Этими словами я последний раз поддаю мяч семейной лапты и тоже выхожу за черту — переступаю порог.
«Всё проходит», — написал на своем кольце царь Соломон. Он имел в виду великие трагедии человечества, распри народов, любовь и ненависть, богатство и власть. С тем большей легкостью лечит время мелкие неурядицы. Вот и мое настроенье поправилось, как только охватило меня со всех сторон это молчаливое, неизбежное и порой трагическое чудо — город. Было уже чуть-чуть за двенадцать. Безветренно и тепло. Прохожих почти не видно — сказывалась середина недели. Правда, на моем пути до Невы прокачались две пары молодых людей, висящие друг на друге, да вывалился из-за угла бычьих статей детина — плотен и обл, с потной морщиной на узкой лобовой броне. Костюм, галстук, рубашка, ботинки — вся фактура преуспевающего комиссионного торгаша — излучали благополучие и дежурный трепет перед будущим следователем…
— Что с вами? — Я задумался и зачем-то окликнул совсем юную девушку, неслышно обогнавшую меня. Только на один миг она повернула лицо в мою сторону и была, вероятно, раздосадована: я увидел ее слезы. Крупные. Неутешные. Так плачут над гробом близкого человека или в ранней юности при первом разочаровании… Она быстро скрылась за углом, и когда я, повернув домой по тому же пути, тоже зашел за угол, ее нигде не было. В памяти остался ее цыплячье-желтый плащ, тонкий и прозрачный, как папиросная бумага, светлый венок распущенных волос да белоснежный вихрь босоножек. В руке у нее был, кажется, маленький чемодан. Так выглядят те, кто торопится на вокзал или спешно уходит из дома. Мне почему-то показалось, что эта девушка сбежала от того расфранченного громилы, и тут же захотелось стать моложе и красивее, утешить ее, помочь, защитить… О, фантазия, как легко она разыгрывается в полночь! Лет бы двадцать — долой…

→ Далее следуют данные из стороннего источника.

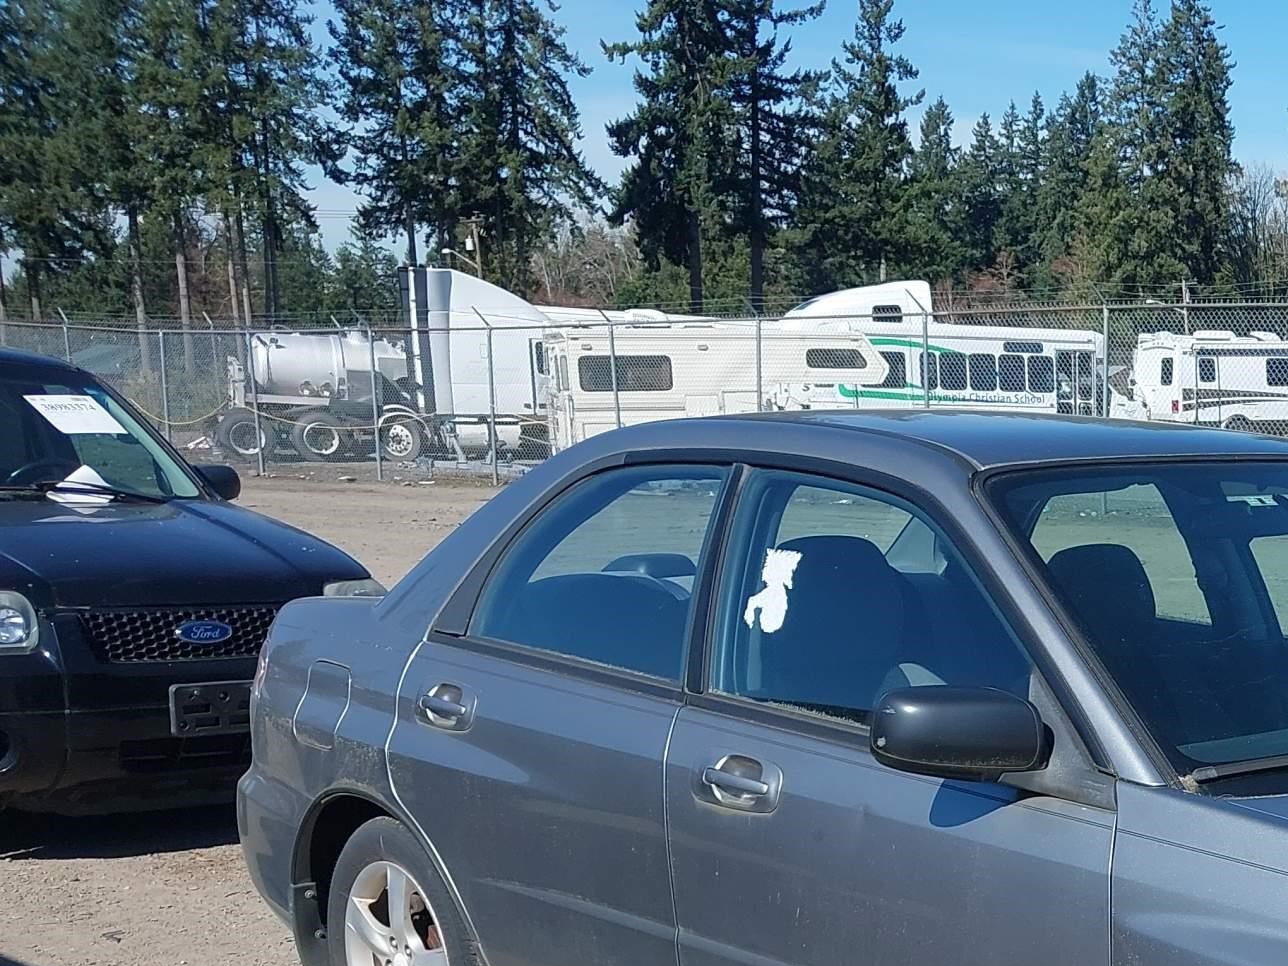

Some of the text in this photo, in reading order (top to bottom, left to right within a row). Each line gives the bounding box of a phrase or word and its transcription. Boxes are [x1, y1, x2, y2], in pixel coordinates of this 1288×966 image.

Через молодой парк дорога была короче и приятней, тут, что ни говори, а земля под ногами — это тебе не асфальт, не так утомляет ногу. Я уже начал подумывать над тем, чтобы прогуливаться не по улицам, а по юному парку, где чище воздух, тише и лучше ходить, как вдруг впереди зажелтел — не может быть! — ее плащ. Шагов через сто у меня уже не осталось сомненья: на скамейке, одна посреди бесконечной аллеи, сидела она. Когда я приблизился, она подобрала босую ногу, а руку с босоножкой сунула за спину. Мельком взглянув на меня, она опустила голову и замерла в ожидании, когда я пройду. Лицо все еще было печально, но уже без слез, как я успел заметить.